«Was ihr seid, das waren wir»

Seit über 1200 Jahren ist die kleine Kirche St. Peter in Mistail GR mit den drei eine fast magische Kraft ausübenden Apsiden unverändert geblieben und lädt geradezu zur Meditation ein.

Blick ins Beinhaus von St. Peter zu Mistail. Der rätoromanische Name «Mistail» stammt vom lateinischen «Monasterium», was Kloster bedeutet. (Bild: Adrian Michael)

 

Ich fürchte mich. Die Totenschädel starren mich stumm und drohend an. Mühsam entziffere ich als Dreikäsehoch die Inschrift, die auf einer Holztafel steht, und lese laut vor: «Was wir sind, das werdet ihr. Was ihr seid, das waren wir.» Meine kleine Hand ruht in der grossen, warmen meines Vaters. Ich schaue zu ihm auf. Er nickt langsam, fügt aber nichts zu diesen zwei Sätzen hinzu.

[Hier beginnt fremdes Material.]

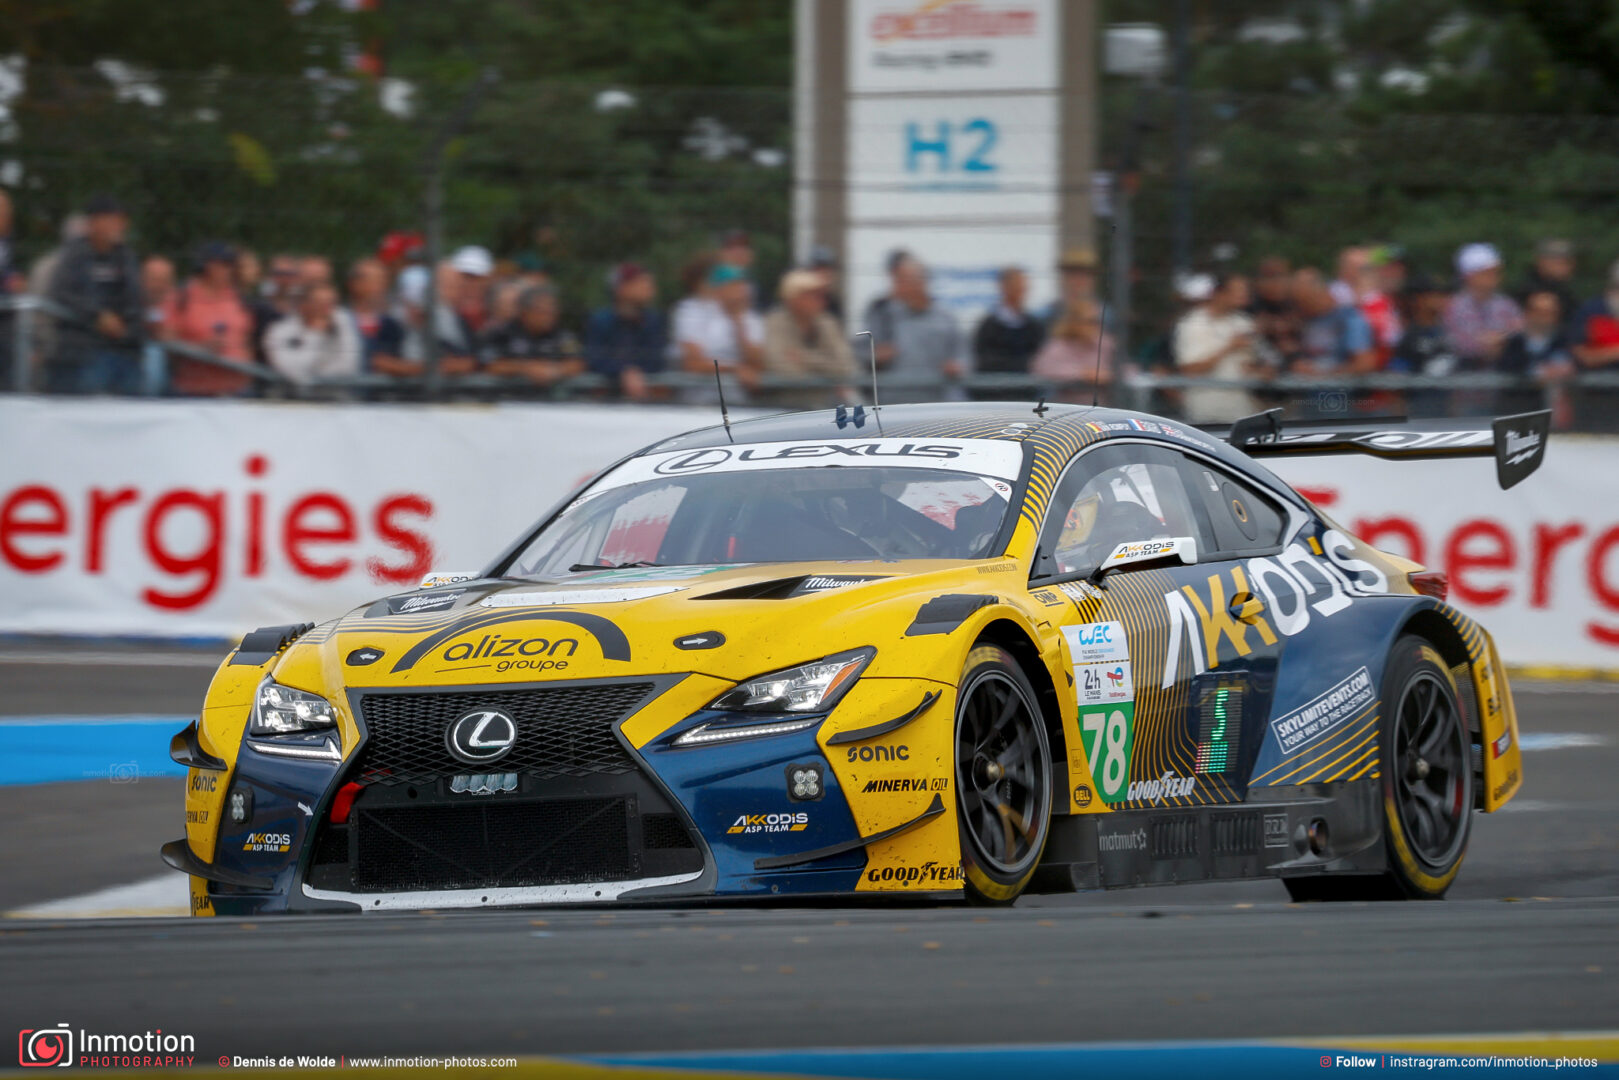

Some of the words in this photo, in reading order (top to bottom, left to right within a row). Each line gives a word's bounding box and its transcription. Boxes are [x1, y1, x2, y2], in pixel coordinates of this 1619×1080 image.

Erst viel später begann ich mich für die Geschichte des Kirchleins zu Mistail zu interessieren, genetisch vorbelastet von meinem Vater, der zeitlebens eine Schwäche für die Burgen und Kirchen Graubündens hatte und uns Kinder an Sonntagen in manchmal halsbrecherischen Touren zu jeder auch noch so kleinen Ruine führte. Kein Ort vermochte mich aber derart zu beeindrucken wie Mistail, dessen gedrungen wirkendes Kirchlein samt Beinhaus aus karolingischer Zeit stammt und eines der ältesten der Schweiz ist. Es liegt versteckt auf einer Kuppe. Das nächste Dorf ist Alvaschein, das erste am oberen Ausgang der (auch schon gehörig «gfürchigen») Schynschlucht. Unten auf einer Waldlichtung am Rande der Schlucht lag einst ein Frauenkloster, zu dem das Kirchlein gehörte. Das Kloster wurde aber bereits im Jahr 1154 aufgehoben. Erbaut wurden Kirche und Kloster vermutlich ums Jahr 800 herum zur Zeit Karls des Grossen. Charakteristisch sind bei der Kirche der ungegliederte, flach gedeckte Kirchen- saal sowie die drei Apsiden, die original erhalten sind. Auch das Kircheninnere (14 × 12 m) fasziniert mit seiner schlichten Architektur und Ausstattung. Aber es gibt Farben: Im 9. Jahrhundert wurde die Kirche vollständig ausgemalt. Diese erste Malschicht ist jedoch nur in spärlichen Fragmenten erhalten. Die heute sichtbaren Fresken und Malereien eines vermutlich Einheimischen wurden ums Jahr 1400 geschaffen.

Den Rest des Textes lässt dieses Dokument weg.